In the let block, x is bound to a value of 1, so it will always be equal to 1 thereafter. The life cycle of X ends when the function exits, or more precisely when the let block is evaluated.

In the IN block, the calculation can use the values defined by the let block, that is, x. The result of x plus y plus z, or more accurately 1 plus y plus z will be returned, because x is equal to 1.

Well, I hear you ask again “How on earth can you do anything with pure functions?!”

Let’s think about when we need to change variables. There are usually two cases: modifying multiple values (such as a value in an object or Record) and modifying a single value (such as a circular counter).

Functional programming modifies a value in a Record by creating a copy of the Record that modifies the value. However, the use of data structures can be very efficient without copying all the attributes in the Record.

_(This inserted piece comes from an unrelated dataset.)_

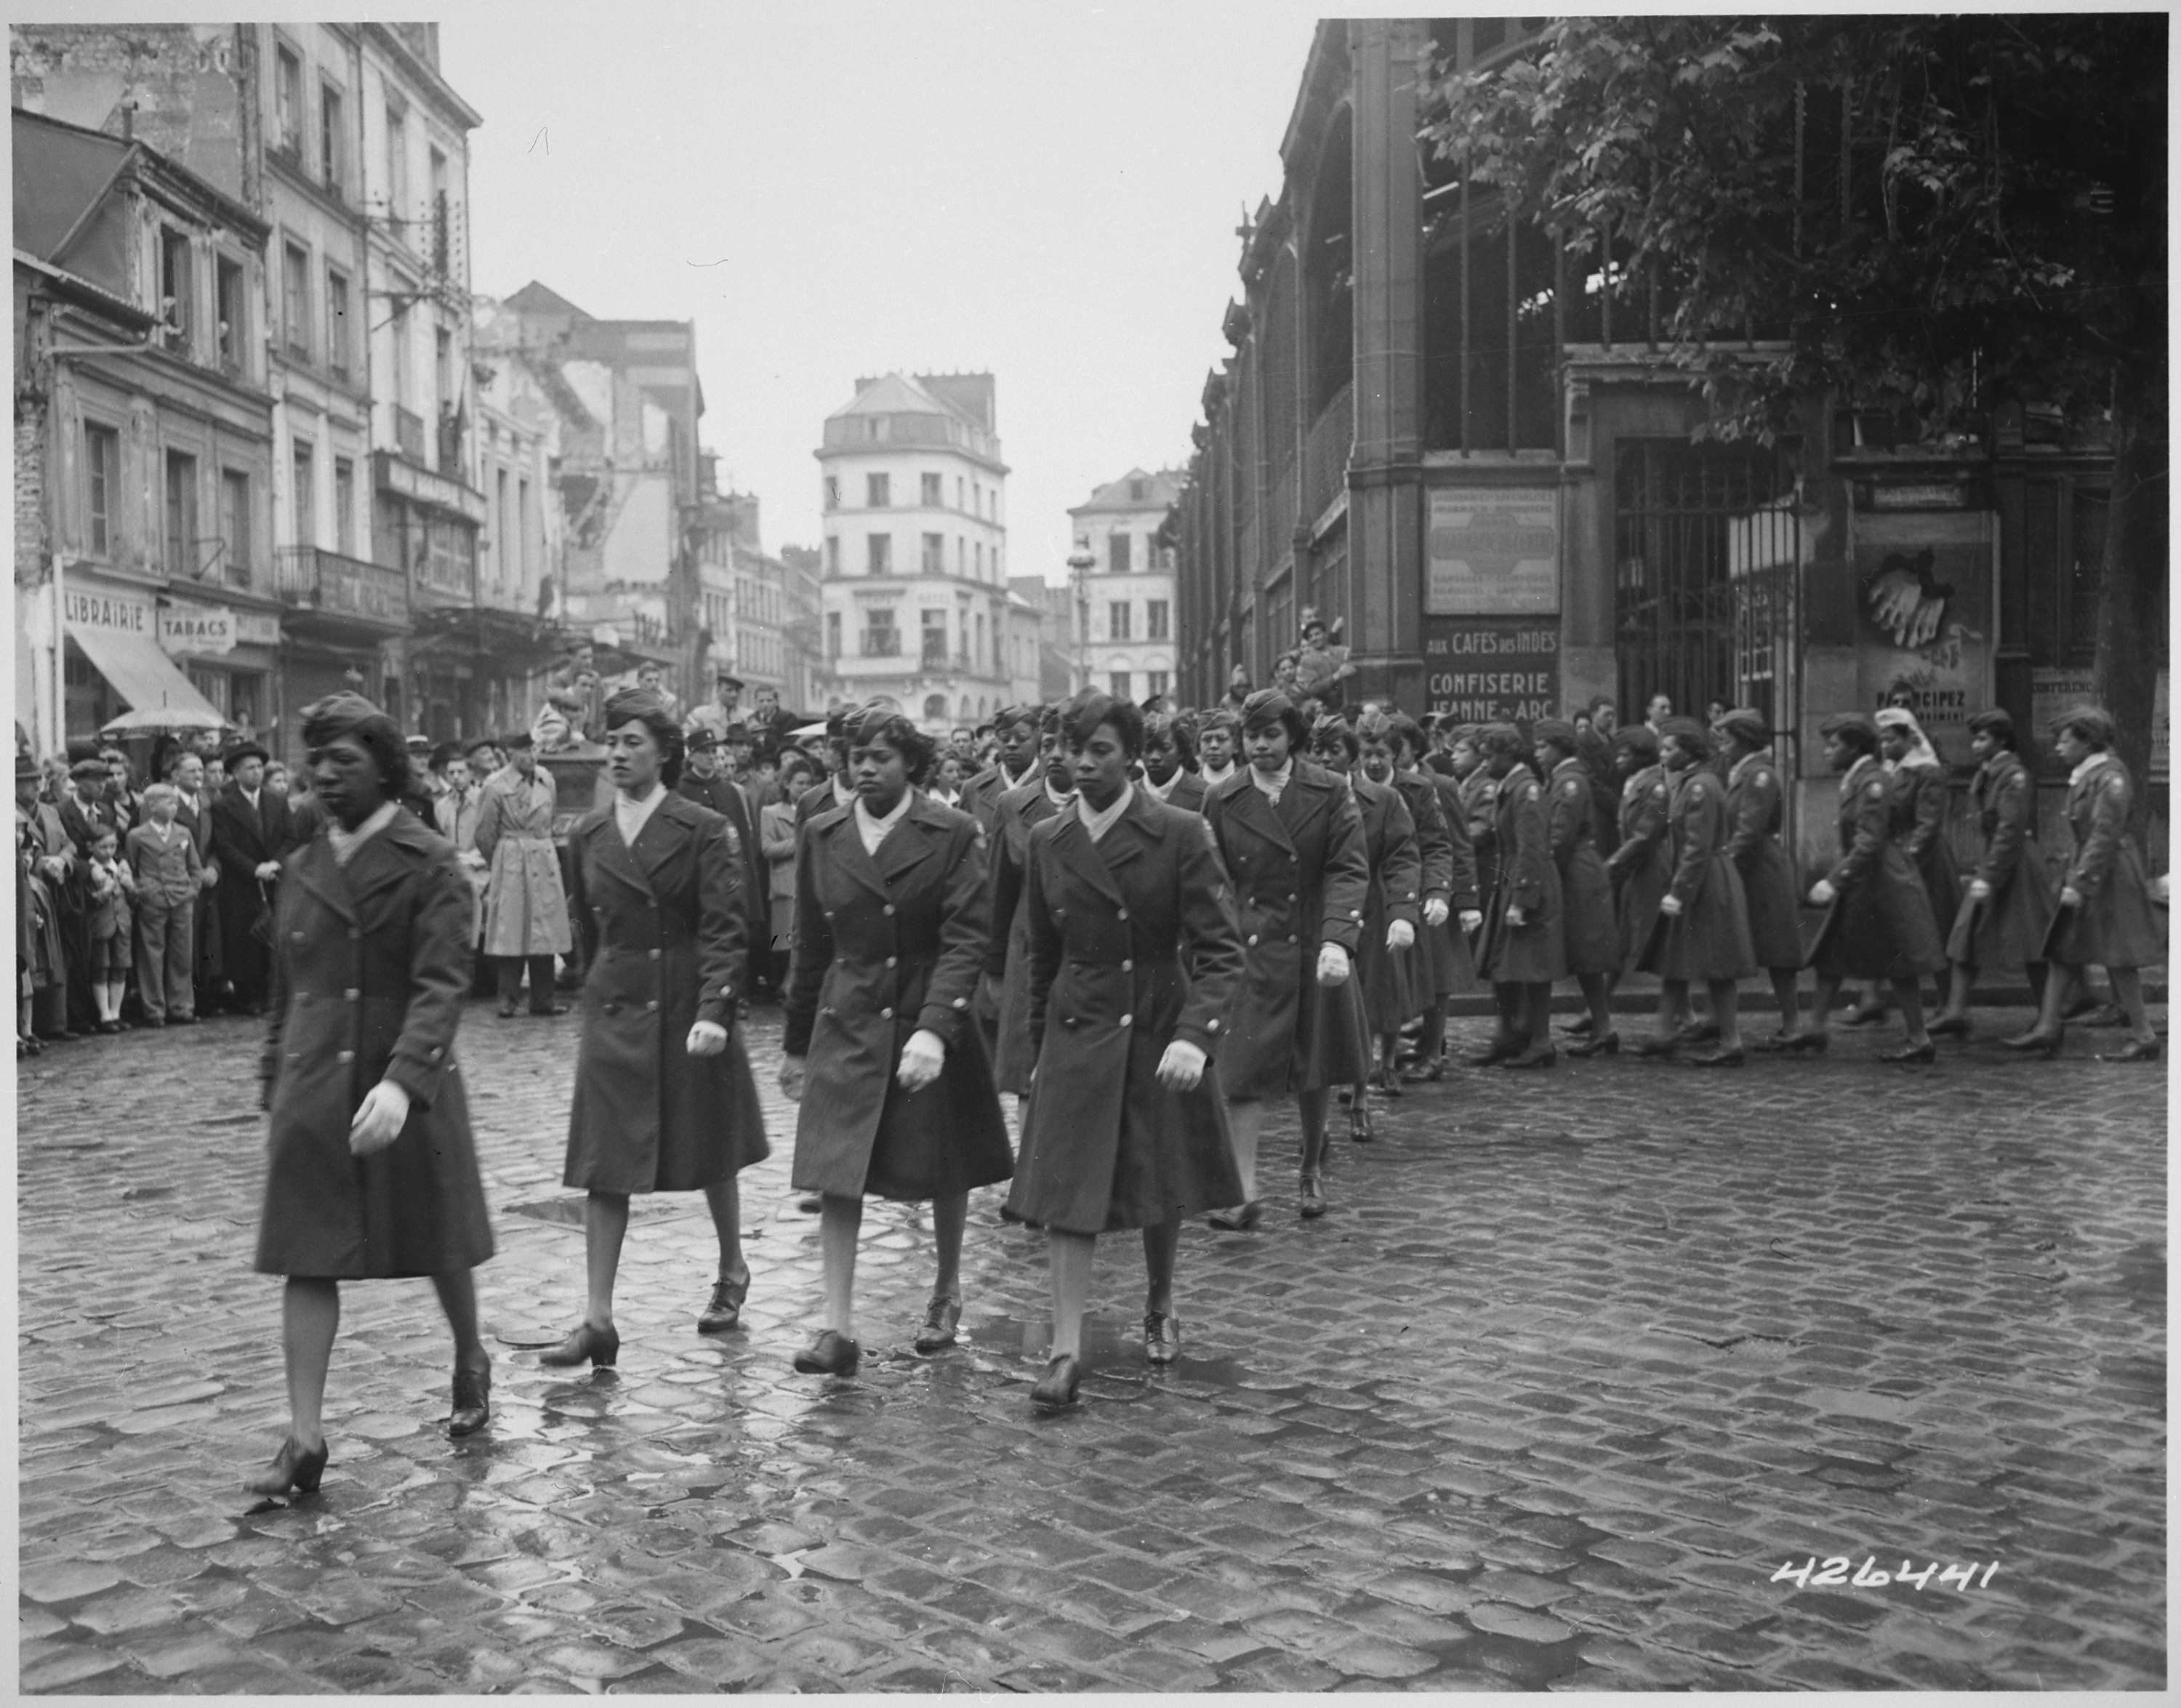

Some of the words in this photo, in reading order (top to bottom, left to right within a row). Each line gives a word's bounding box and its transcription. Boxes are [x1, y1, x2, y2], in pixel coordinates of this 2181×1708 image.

[164, 620, 227, 637] TABACS
[1517, 631, 1557, 653] INDES
[1430, 672, 1549, 695] CONFISERIE

Functional programming to modify a single value is also done by creating copies.

Oh, right. This also doesn’t use loops.

“Why no variables and loops?! I hate you!!”

Wait a minute. That’s not to say we can’t use loops (I’m not playing with game text), just that functional programming languages don’t have explicit loop constructs like for, while, Do, and repeat.

The loop of functional programming is implemented recursively.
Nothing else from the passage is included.